Could you elaborate more on the difficulties associated with a setup like the 335? I imagine cooling the aft engine would be a big one. That engine layout seems like a pretty ingenious way to minimize frontal area for a twin, while also improving roll rate.

 

There's a book from 1980 called "Luftwaffe Test Pilot" which is a translation of an original German memoir by a test pilot who was primarily tasked with flying captured Allied aircraft.  He gets his hands on a DO-335 later on.  The aircraft seemed to be generally sound, and all the problems likely soluble, but the engine configuration did lead to some unusual technical hangups.

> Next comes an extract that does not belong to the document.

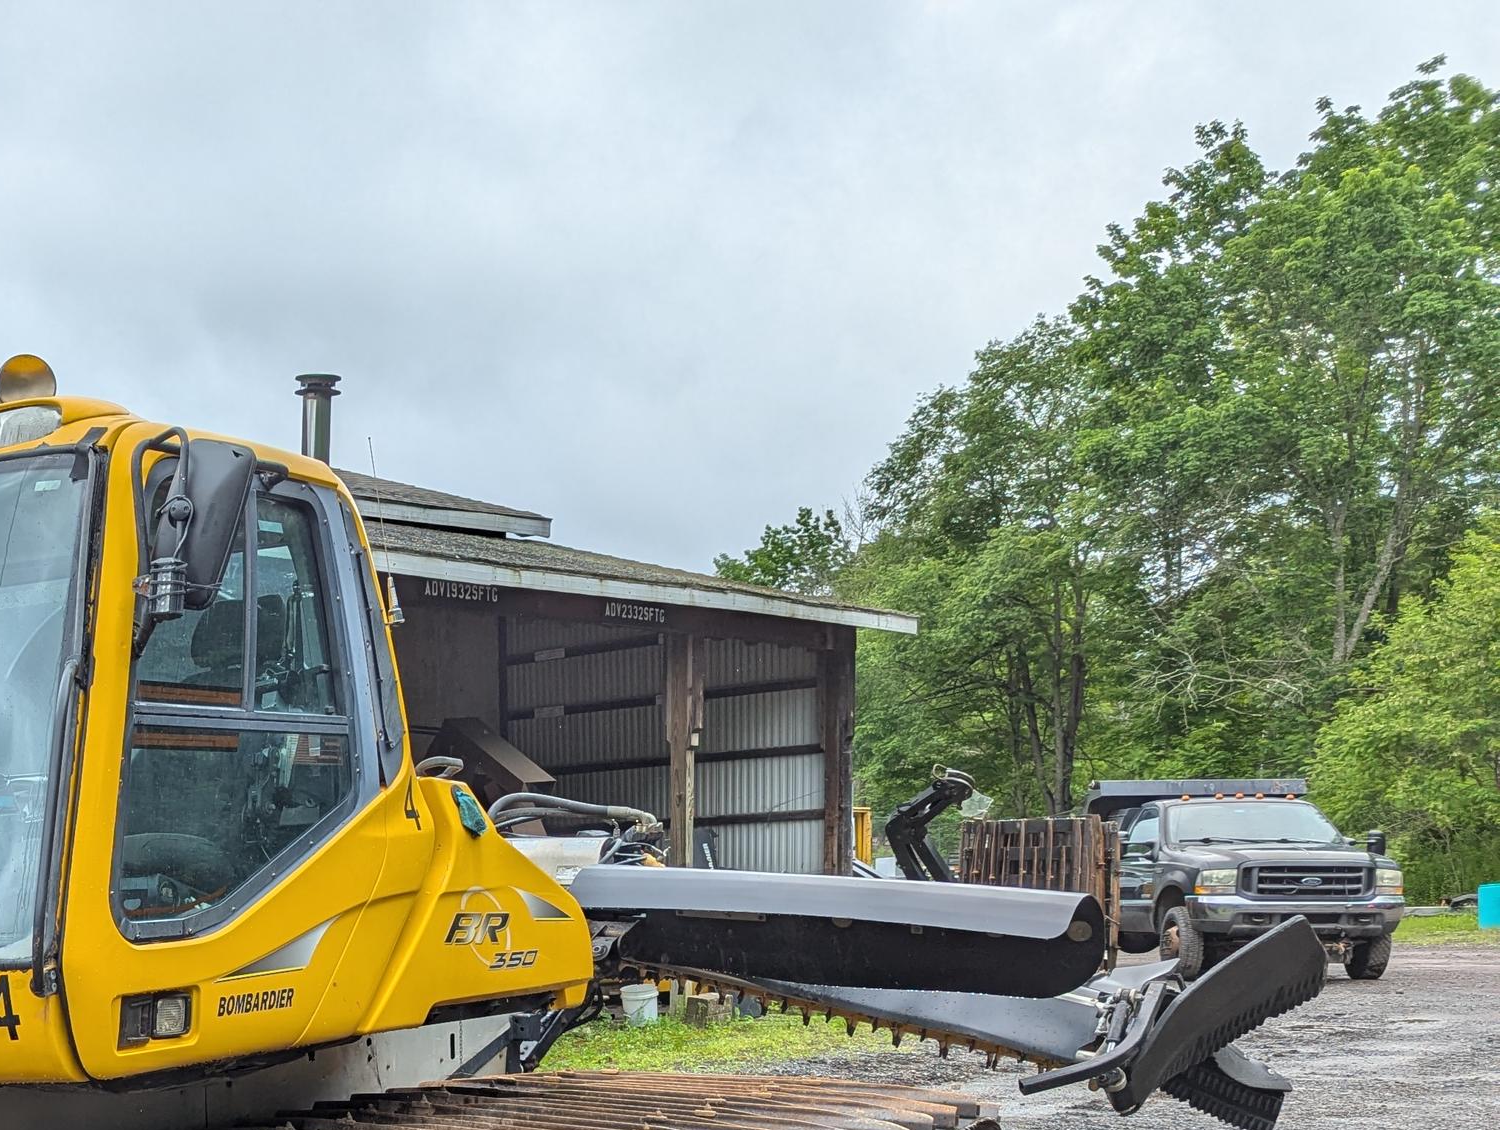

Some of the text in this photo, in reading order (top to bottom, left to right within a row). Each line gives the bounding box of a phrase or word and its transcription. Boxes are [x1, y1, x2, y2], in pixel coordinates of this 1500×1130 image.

[404, 775, 422, 831] 4
[444, 912, 510, 946] BR
[488, 950, 538, 970] 350
[217, 988, 295, 1018] BOMBARDIER

For instance, you don't want the aircraft's compass to be too close to the engine.  Spark-ignition engines create a good deal of EM interference around themselves from the spark plugs, so they screw with things like compasses.  In the DO-335 anywhere in the fuselage constituted being too close to the engine.  So the compass ended up way out in one of the wings.  This ended up causing other problems, but I don't recall the specifics and don't have the book handy.  The rear prop is also fairly far from the engine and mounted on an extension shaft.  Shafts like those were often the source of vibration problems, although it was nothing that couldn't be cured eventually, based on the hordes of P-39s that Bell made.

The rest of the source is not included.